Unfortunately, these commands in c-tor, in combination with the
ATTACHSTREAM command that
REDIRECTSTREAM requires to be used, are much too powerful, and expose a lot of security-sensitive functionality to the controller. This is particularly problematic in environments where Tor is being shared by multiple applications (e.g. a system Tor instance in Debian), and is even worse in high-security environments like Tails and Whonix where the application is assumed to be malicious.
Arti should support a mode in which it sends destination+port of each stream to a controller, and waits for the controller to reply with one of the following responses:
- Redirect to some other destination+port.
- Cancel the stream.
- Handle the stream without changes.
The redirect/cancel is then applied prior to attaching the stream to a circuit.
The controller may need to perform network requests or access caches in order to decide what action to take. To facilitate this, Arti should pass a hash of the stream isolation data (SOCKS5 auth user+pass, source IP, and all other variables that are used as keys to stream isolation). The hash should be salted with a unique high-entropy string that is unique to the specific controller connection, so that the controller can’t easily detect what the SOCKS5 username (and other potentially sensitive data) are.
Limiting stream visibility
The controller may be exclusively operated by a single application, or a single client IP. Thus, Arti should support only passing resolution requests to the controller if they originate from a specific application and/or a specific client IP. For the client IP, I think it would be sufficient to have a policy “only send resolve requests to the controller running on $IP if the stream originated from $IP”. For application-specific support, I think it could be done by having the application insert a high-entropy string into the SOCKS5 username, and the controller would only receive resolve requests for streams created with that string in the SOCKS5 username.
Of course, there may also be cases where the controller handles resolution requests from all applications and IP’s that use Arti.

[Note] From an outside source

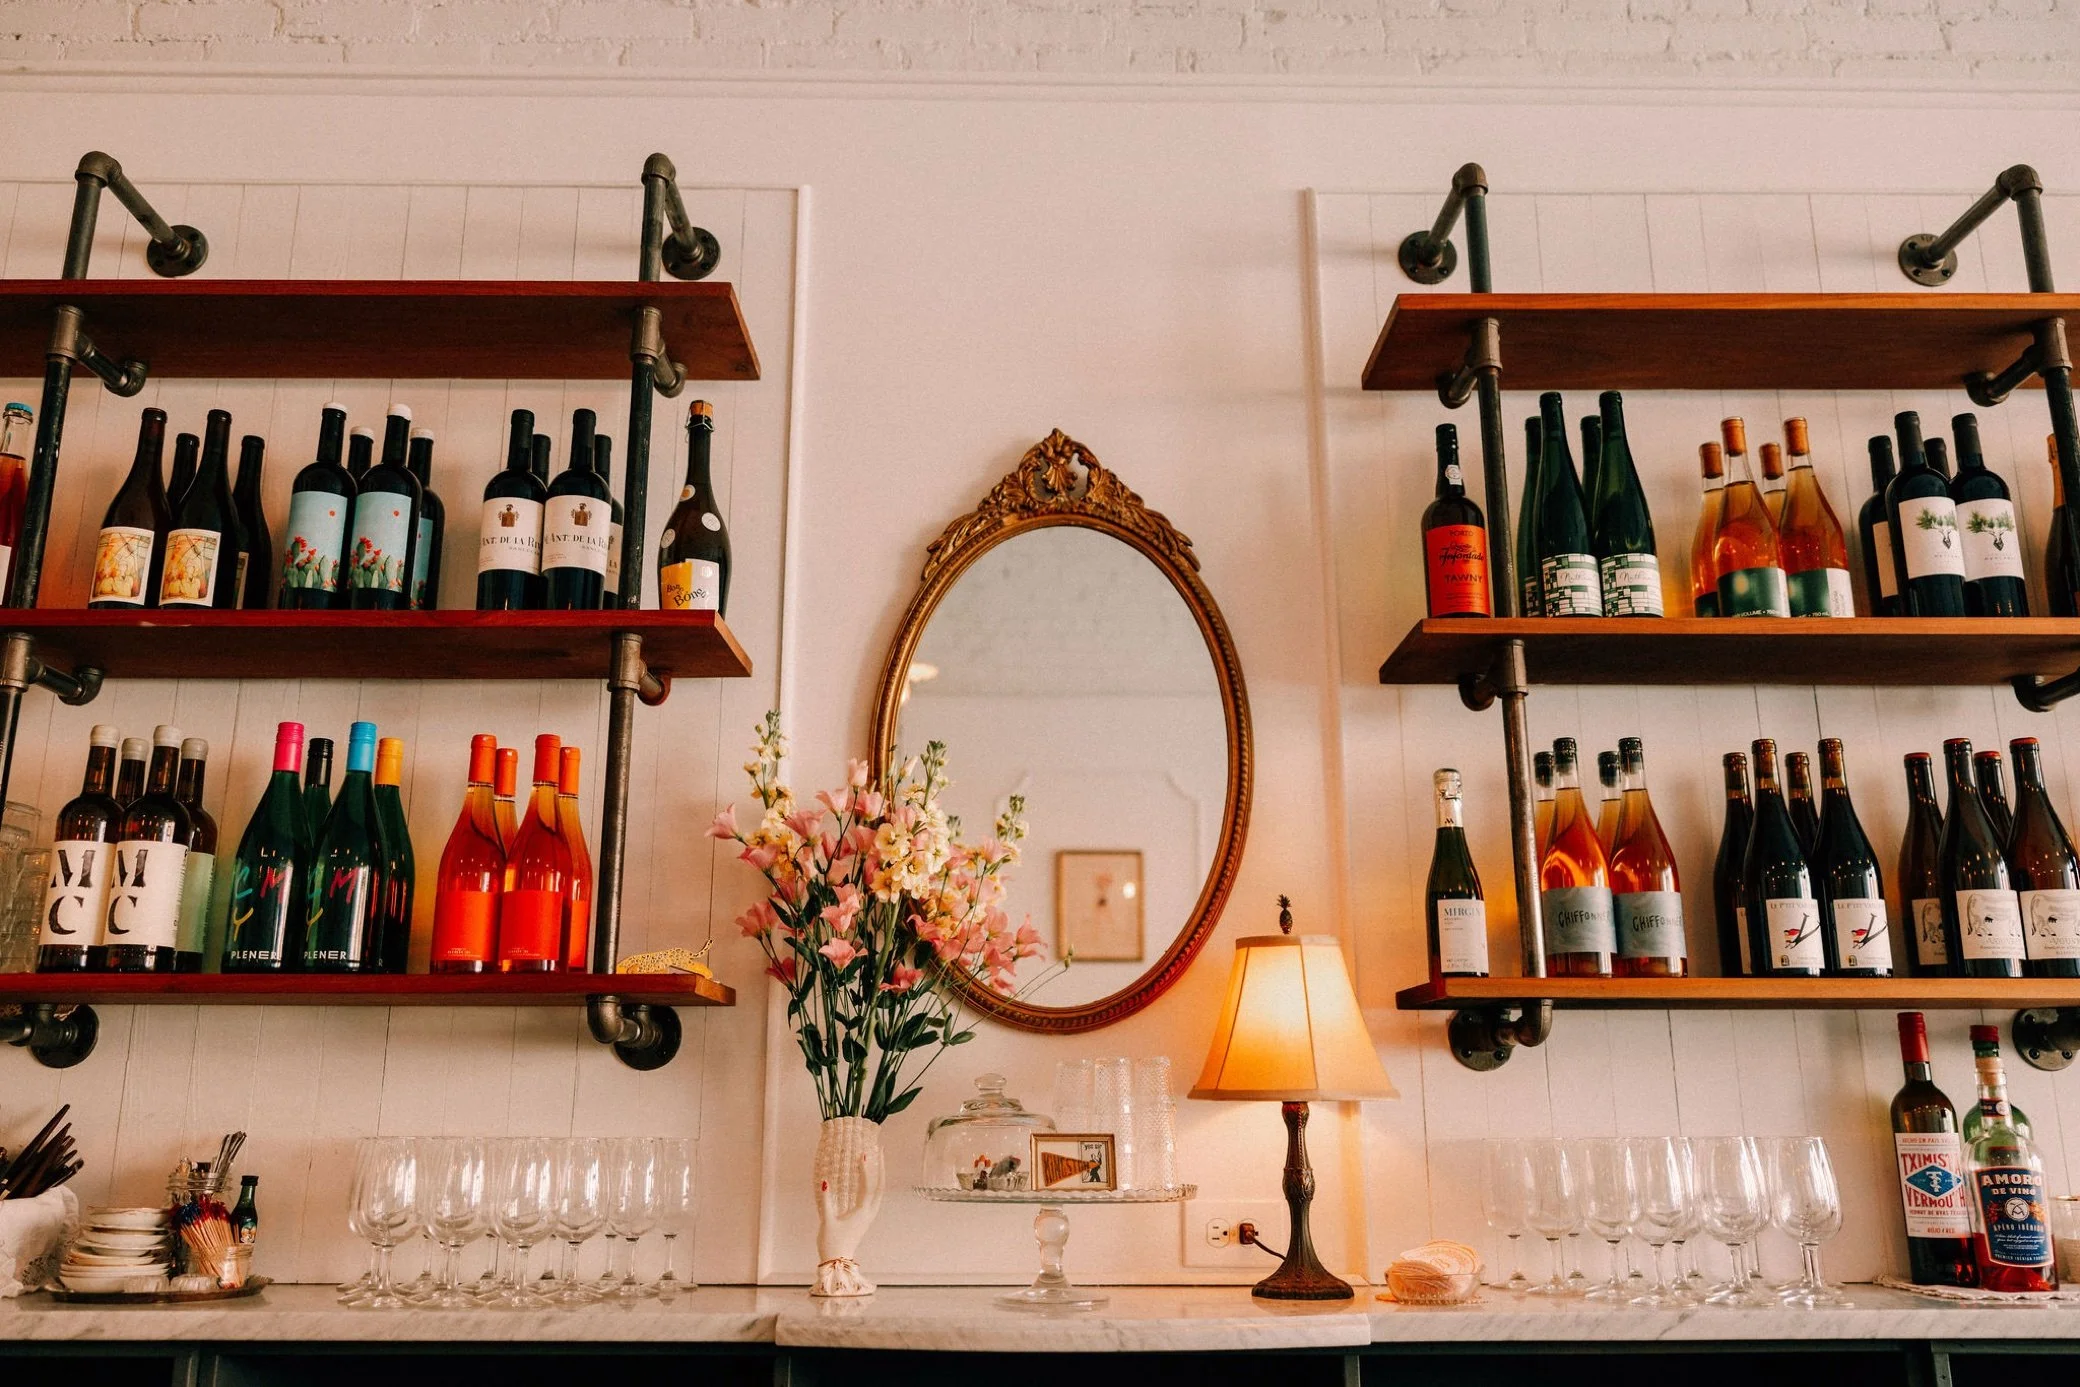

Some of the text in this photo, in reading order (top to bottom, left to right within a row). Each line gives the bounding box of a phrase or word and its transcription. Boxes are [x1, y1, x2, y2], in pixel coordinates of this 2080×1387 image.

Limiting to a domain suffix
Some controllers only operate for a specific set of domain suffixes. E.g. Namecoin only handles
.bit; FPF only handles
securedrop.tor.onion; local aliases might desire to only handle
home.arpa, etc. Arti should support only passing resolve requests to a controller if the hostname matches a specific domain suffix (but should also support controllers that have an empty suffix, meaning that they are passed resolve requests for all streams).
Limiting to cancel-only
Some controllers don’t need to redirect streams, but rather only cancel or allow them. Arti should support this restriction, so that controllers can’t do redirects if that’s not wanted.
Of course, some controllers do need to redirect and cancel streams.
In some protocols, like HTTP, subresource loading behavior can be a fingerprinting hazard. Streams opened by Tor Browser can be disambiguated between 1st-party (safe to tamper with) and 3rd-party (fingerprint risk if tampered with) by whether the SOCKS5 username contains the eTLD+1 of the destination hostname. Thus, Arti should support a mode where the controller only is sent resolve requests if the destination eTLD+1 is a substring of the SOCKS5 username.
Of course, some controllers need to handle both 1st-party and 3rd-party streams.
Disallowing circuit selection
ATTACHSTREAM allows tampering with the circuit selection. Controllers that act as resolvers should not be required to have this privilege.
Support both IP and domain names
Resolve requests should be sent regardless of whether the destination address is an IP or a domain name (unless restricted to a specific domain suffix, see above), and regardless of whether the stream is a SOCKS5
CONNECT command or a SOCKS5
Thanks for your time!
Looking forward to fine-tuning and/or rewriting these ideas as we converge on a working API. And apologies again if some of these ideas would look better if I were more familiar with the existing API docs… trying to get this out as fast as possible at Nick’s request, and the quality is definitely impacted by this.